THEY STARTED IT ALL
by Joy Gregoire Gilchrist
In the earliest days, the Hacker's Creek area was a part of West Augusta District, Virginia, and under the rule of the King of England. In 1776, the Virginia House of Burgesses created Monongalia County and two others from old West Augusta. Until the Mason-Dixon line was run in 1779 and it was discovered that a part of what was considered Virginia (now Washington and Green counties in Pennsylvania), the county seat was in Washington, Pennsylvania; afterwards it was in Morgantown, now West Virginia.
In 1784, Harrison County was created from Monongalia and the first seat of government for the county was at Bush's Fort (now Buckhannon); it later moved to Clarksburg. The Hacker's Creek area remained a part of Harrison until 1818 when the new county of Lewis was formed with Weston as the county seat.

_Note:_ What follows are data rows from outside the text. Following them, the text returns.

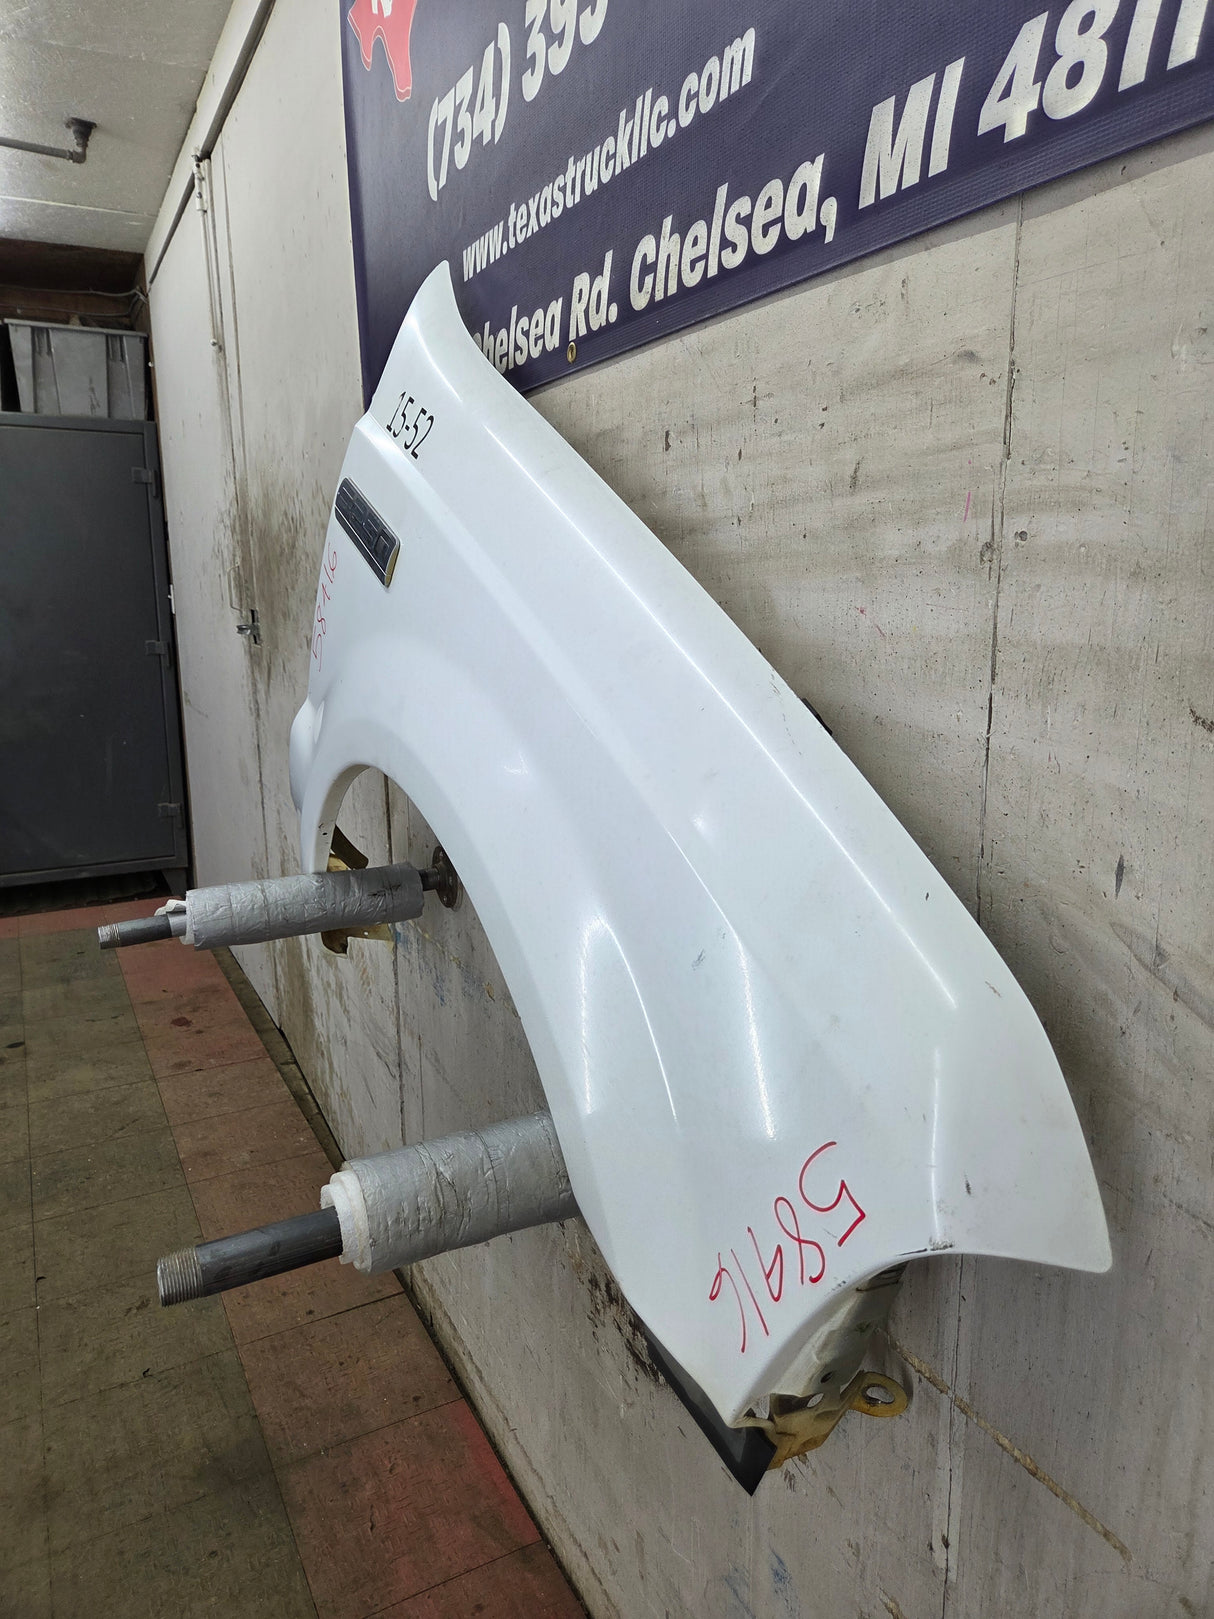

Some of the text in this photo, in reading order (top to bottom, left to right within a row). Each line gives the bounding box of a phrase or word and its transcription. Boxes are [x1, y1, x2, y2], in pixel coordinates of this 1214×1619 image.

[428, 22, 510, 201] (734)
[462, 27, 756, 282] www.texastruckllc.com
[569, 249, 618, 342] Rd.
[629, 153, 838, 311] Chelsea,
[858, 57, 965, 210] MI
[386, 391, 435, 459] 15-52
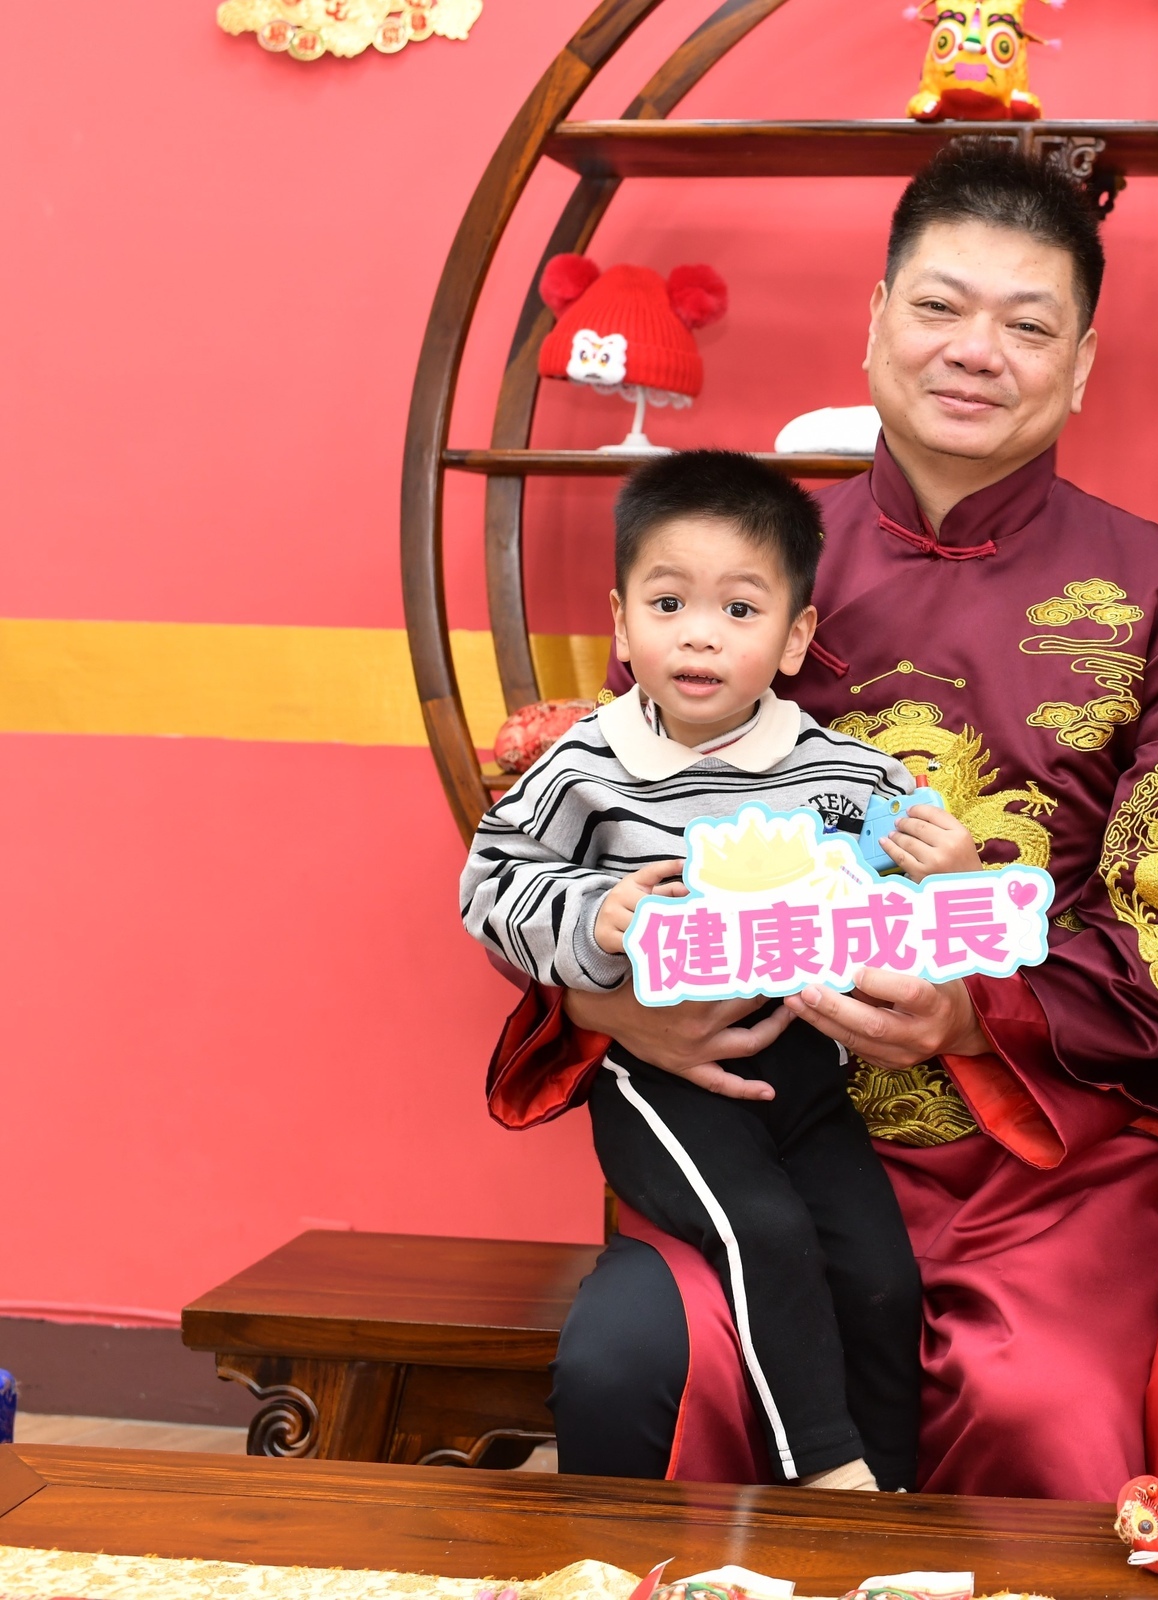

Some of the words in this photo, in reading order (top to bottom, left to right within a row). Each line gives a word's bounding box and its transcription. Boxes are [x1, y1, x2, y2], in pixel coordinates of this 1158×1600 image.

Leaders of the early Harrison County government included several Hacker's Creek pioneers. John Hacker, John Sleeth, and Colonel William Lowther each served as sheriff for the county. The first justice registered with the new court was John Sleeth; others included William Hacker and Jacob and William Cozad.
Other firsts for the Hacker's Creek area included the first white child born in the confines of present Lewis County (William Hacker, son of John), the first grist mill (at the home of John Hacker), the first religious services (again at the home of John Hacker), and the mother church of Methodist Protestantism west of the Alleghenies. Additionally, the first book to be published west of the mountains, Chronicles of Border Warfare, was written as a manuscript by two Hacker's Creek men, William Hacker and William Powers; it was later edited and added to by Alexander Scott Withers.
Progress has continued in the Hacker's Creek area for well over two hundred years. What began as a spot of civilization in the wilderness progressed to a quiet rural community; now, with the coming of I-79, the spot has become an industrial development with property values doubling, tripling and even quadrupling in the past ten years.
What began as a point at the end of a long blazed trail became an east-west travel route as settlers moved on to Ohio and points further west; during the Civil War, the area served as a highway for troops from both sides; and, in modern times, it has become a main thoroughfare as travelers move from Canada to Florida in a stream of traffic north to south.
Descendants of these early pioneers have scattered to the four corners of the United States and beyond. Many were the first settlers in areas as far-flung as other counties in western Virginia, Ohio, Indiana, Oregon, and Washington state. They took with them the hardiness, courage, and reliability of their early ancestors and helped to make this nation what it is today, "the land of the free and the home of the brave."